**Directions**.
In the copy you make of the entries, no picture should appear, and every word must match.

(The input Opens)

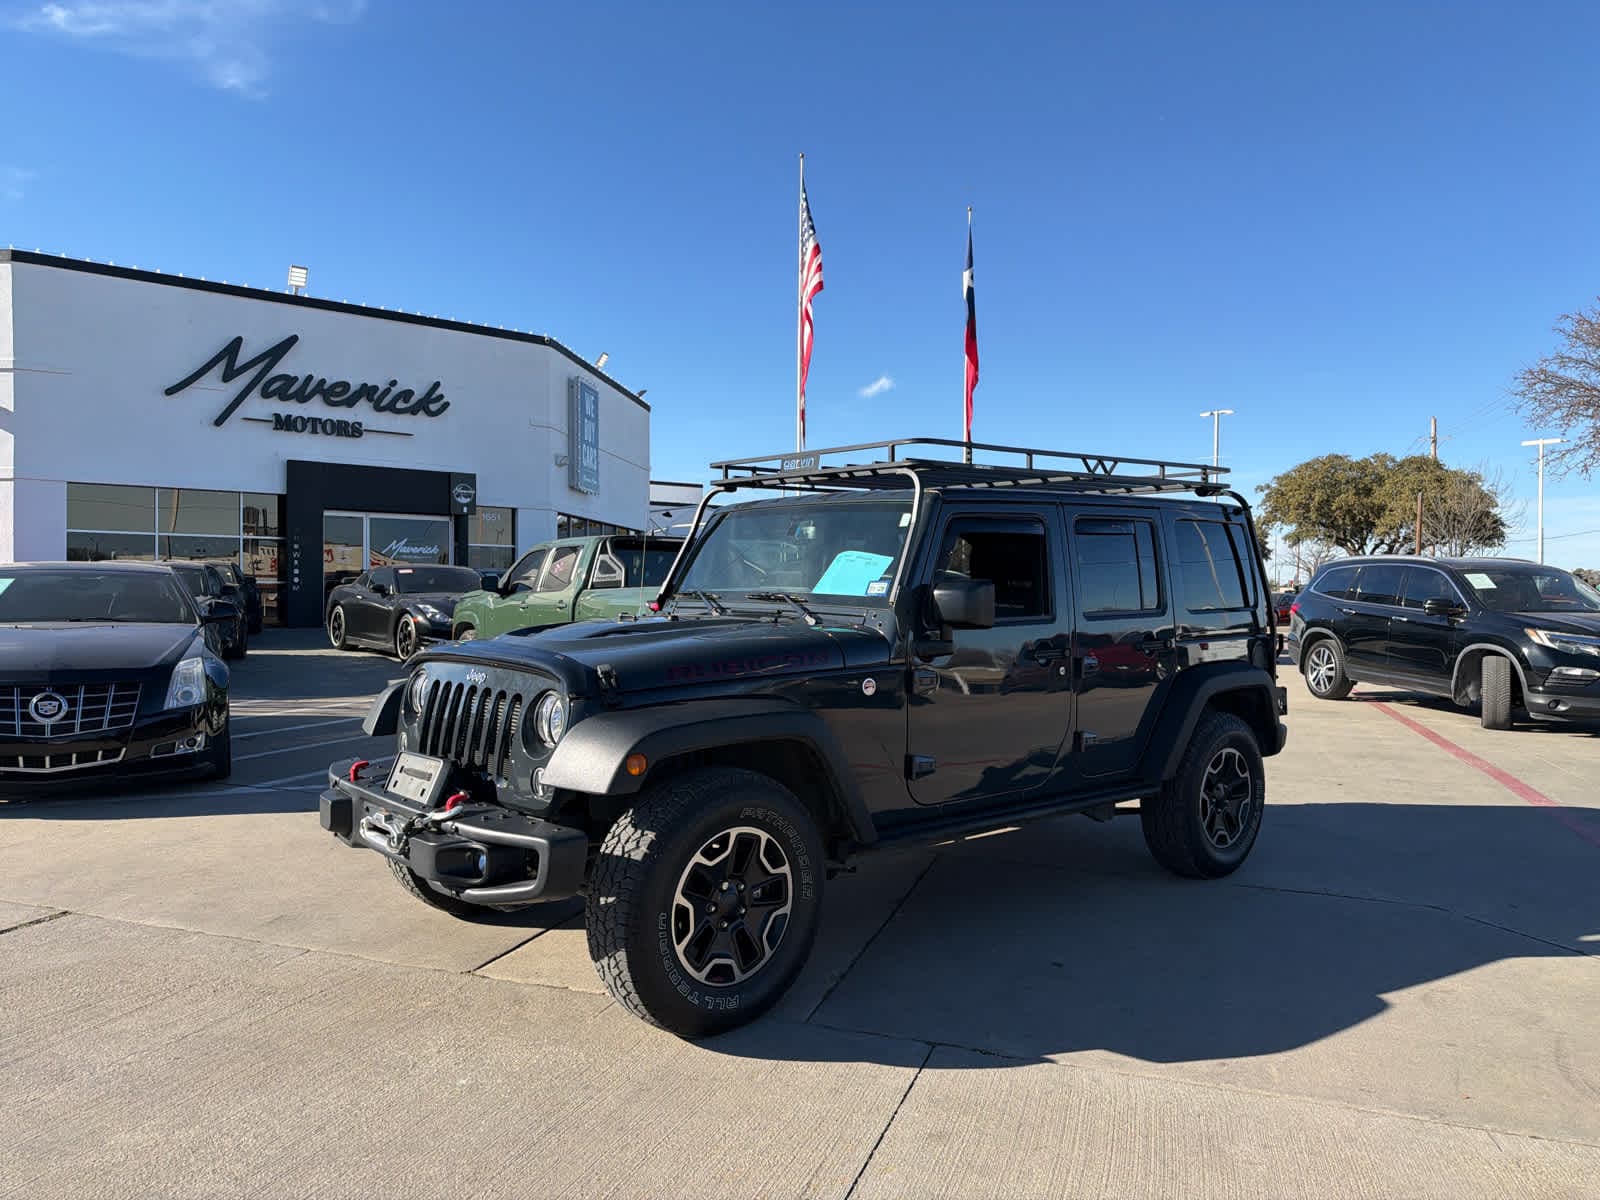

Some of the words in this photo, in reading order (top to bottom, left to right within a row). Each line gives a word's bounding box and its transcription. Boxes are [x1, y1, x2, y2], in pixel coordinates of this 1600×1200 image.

[164, 334, 451, 427] Maverick
[272, 413, 364, 438] MOTORS
[466, 669, 487, 685] Jeep
[704, 995, 740, 1009] ALL

(The input Closes)

**Output**.
Some of the words in this photo, in reading order (top to bottom, left to right within a row). Each line gives a word's bounding box and its transcription. Boxes are [x1, y1, x2, y2], in pixel coordinates of this 1600×1200 image.

[164, 334, 451, 427] Maverick
[272, 413, 364, 438] MOTORS
[466, 669, 487, 685] Jeep
[704, 995, 740, 1009] ALL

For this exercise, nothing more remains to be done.